## Assignment
Would you repeat the entries below exactly and omit the pictures?

_____

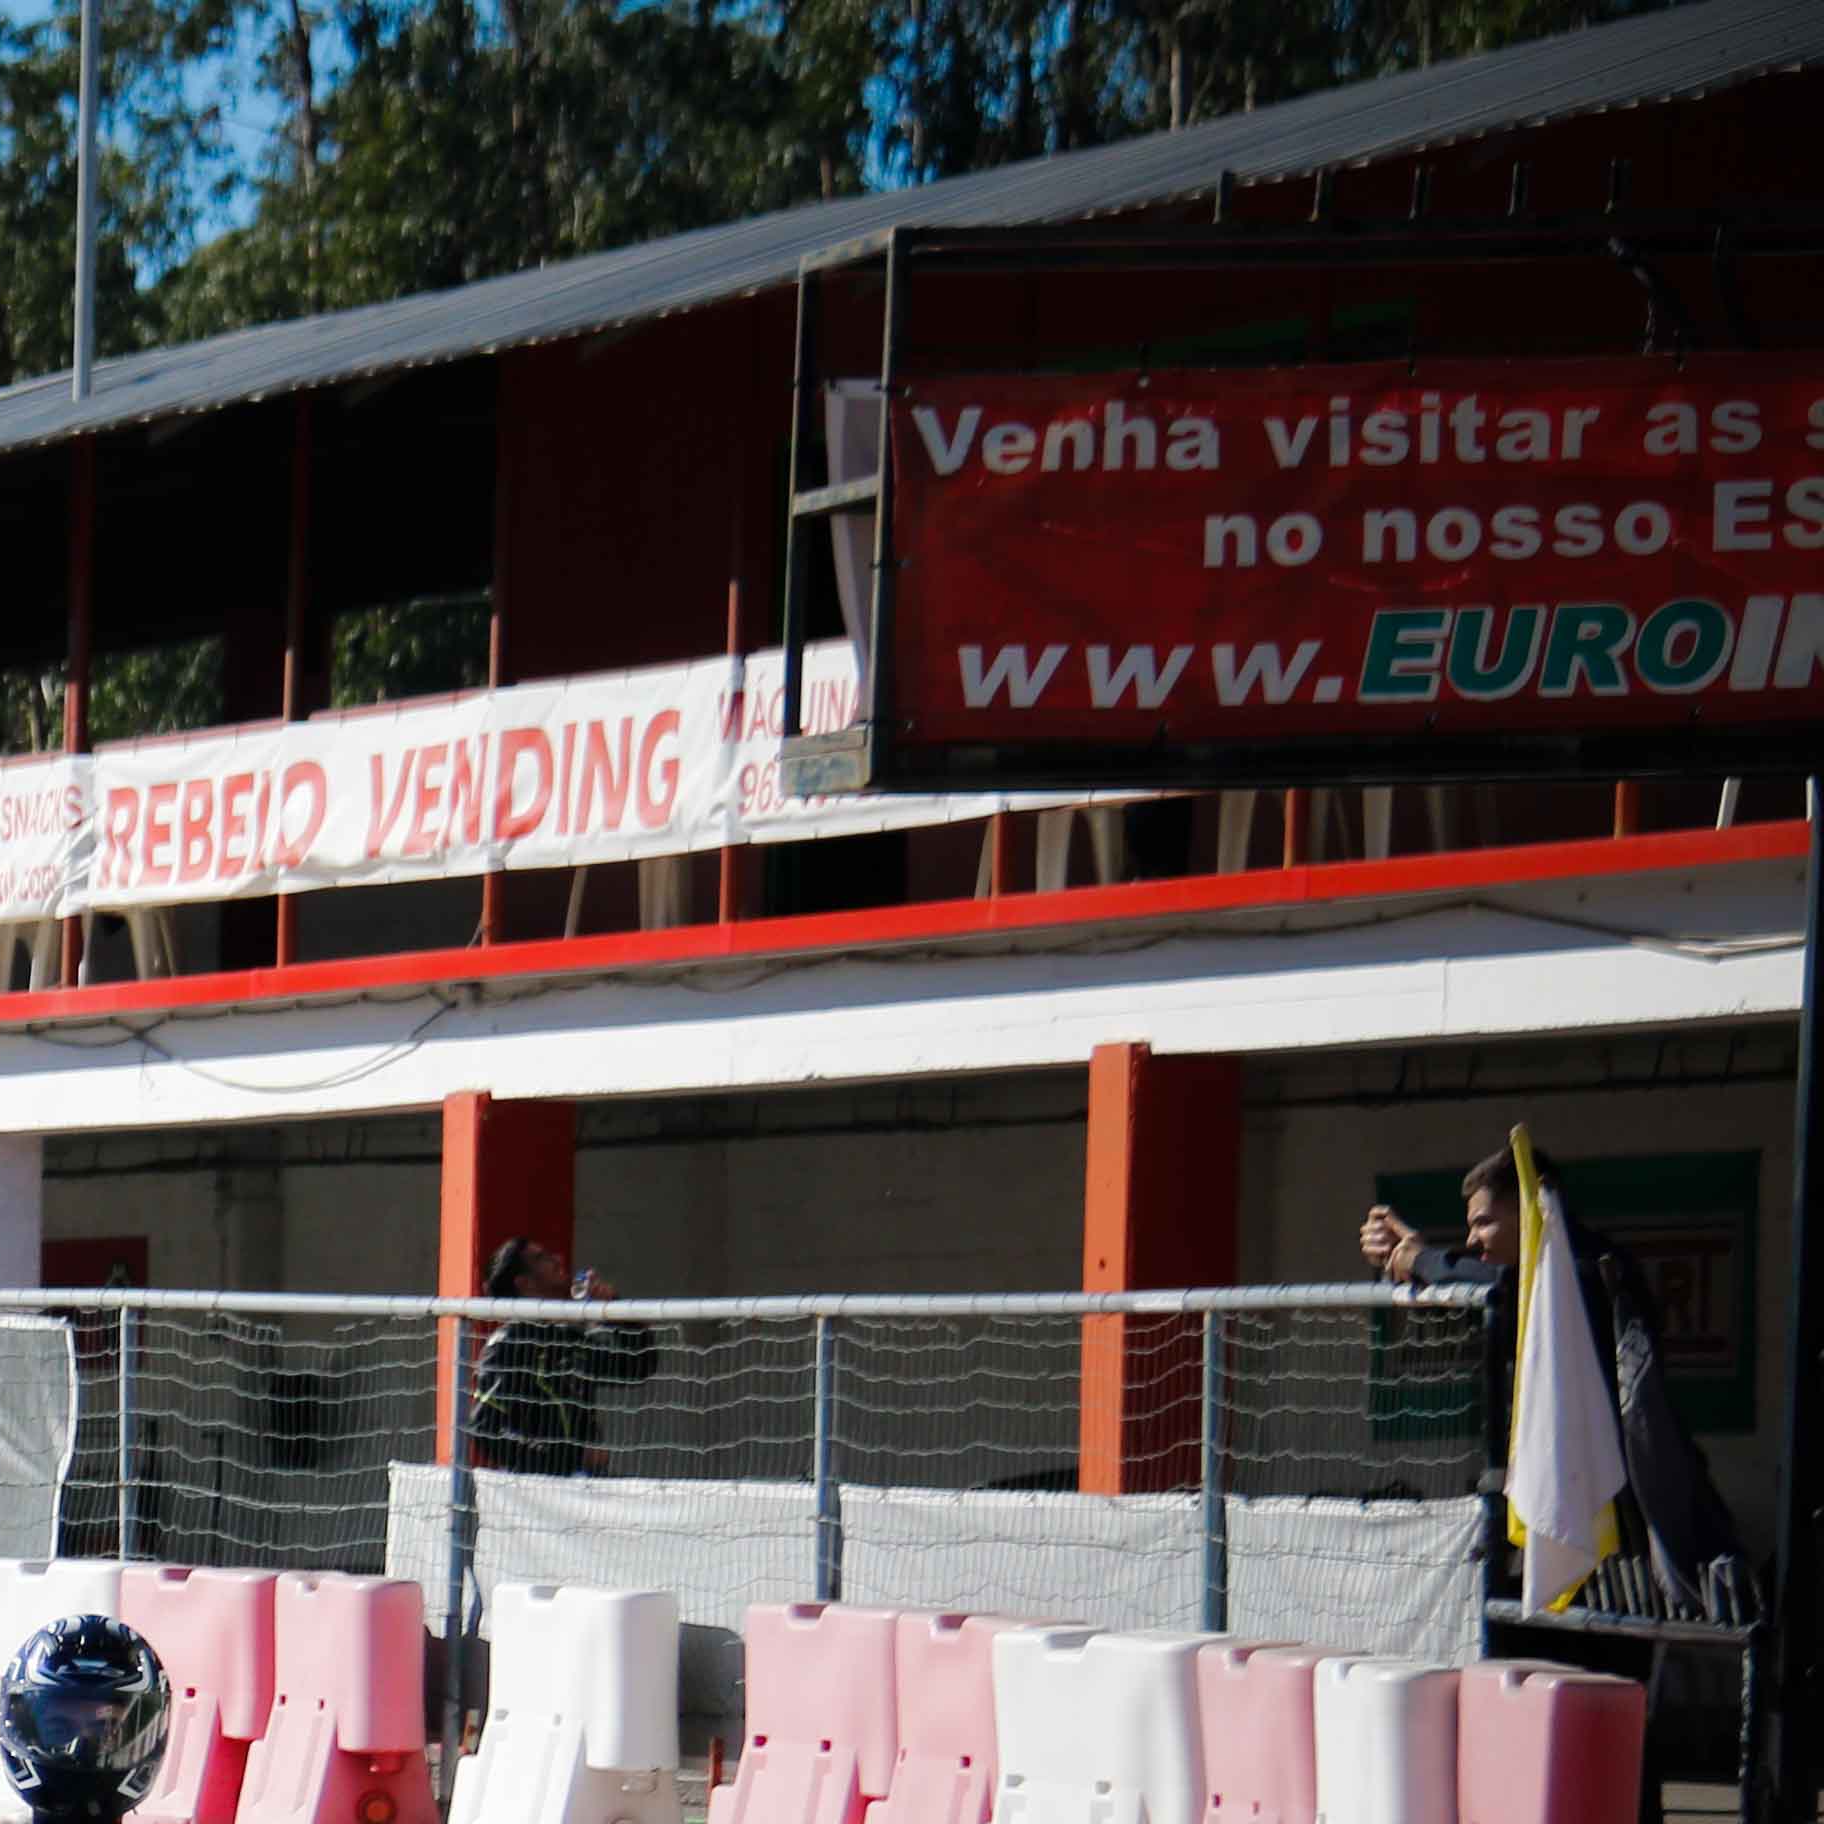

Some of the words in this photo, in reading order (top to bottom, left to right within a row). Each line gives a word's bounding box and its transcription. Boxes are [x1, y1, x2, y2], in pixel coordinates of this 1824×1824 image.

[911, 400, 1219, 476] Venha
[1264, 393, 1601, 471] visitar
[1642, 401, 1761, 457] as
[1203, 509, 1322, 570] no
[1362, 499, 1672, 564] nosso
[365, 709, 681, 860] VENDING

_____

## Problem solution
Some of the words in this photo, in reading order (top to bottom, left to right within a row). Each line gives a word's bounding box and its transcription. Boxes are [x1, y1, x2, y2], in pixel coordinates of this 1824×1824 image.

[911, 400, 1219, 476] Venha
[1264, 393, 1601, 471] visitar
[1642, 401, 1761, 457] as
[1203, 509, 1322, 570] no
[1362, 499, 1672, 564] nosso
[365, 709, 681, 860] VENDING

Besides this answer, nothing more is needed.